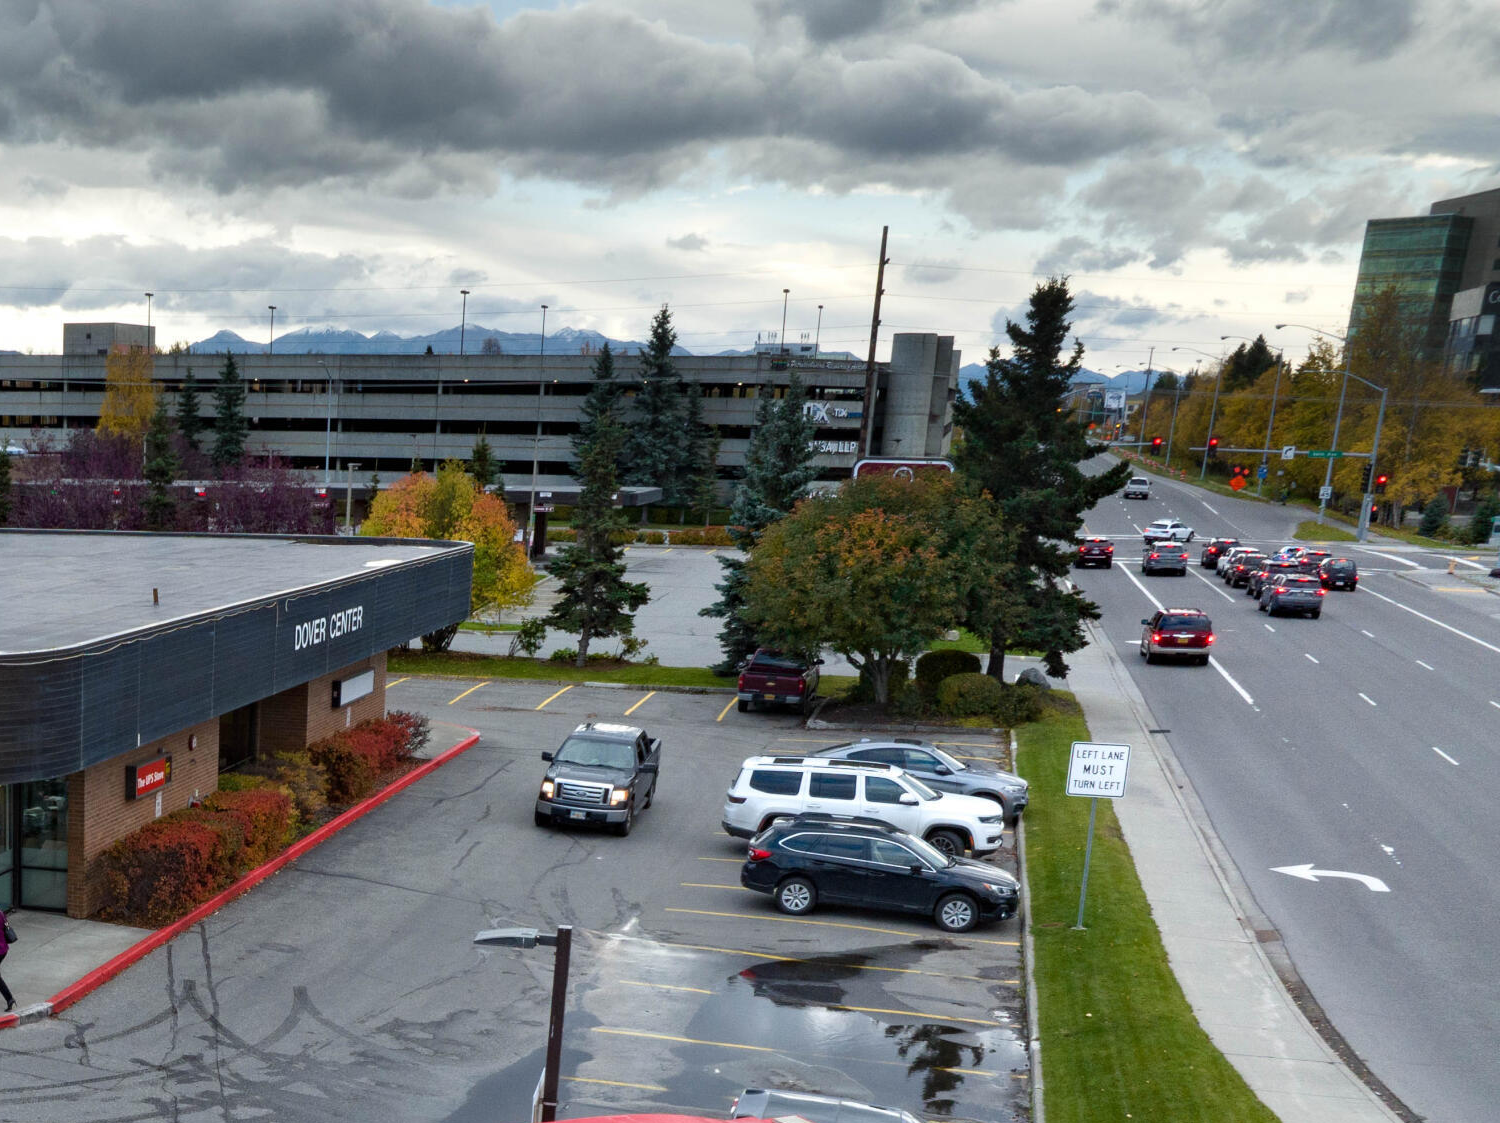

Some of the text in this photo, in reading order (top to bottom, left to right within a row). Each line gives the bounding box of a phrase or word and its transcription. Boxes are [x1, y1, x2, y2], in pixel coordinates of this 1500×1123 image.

[294, 605, 363, 651] DOVER CENTER
[1076, 750, 1125, 760] LEFT LANE
[1083, 764, 1114, 775] MUST
[1073, 779, 1120, 790] TURN LEFT

--------------------------------

Task description:
Please transcribe the whole listing above exactly, with the images left out.

Task output:
Some of the text in this photo, in reading order (top to bottom, left to right within a row). Each line gives the bounding box of a phrase or word and its transcription. Boxes are [x1, y1, x2, y2], in pixel coordinates of this 1500×1123 image.

[294, 605, 363, 651] DOVER CENTER
[1076, 750, 1125, 760] LEFT LANE
[1083, 764, 1114, 775] MUST
[1073, 779, 1120, 790] TURN LEFT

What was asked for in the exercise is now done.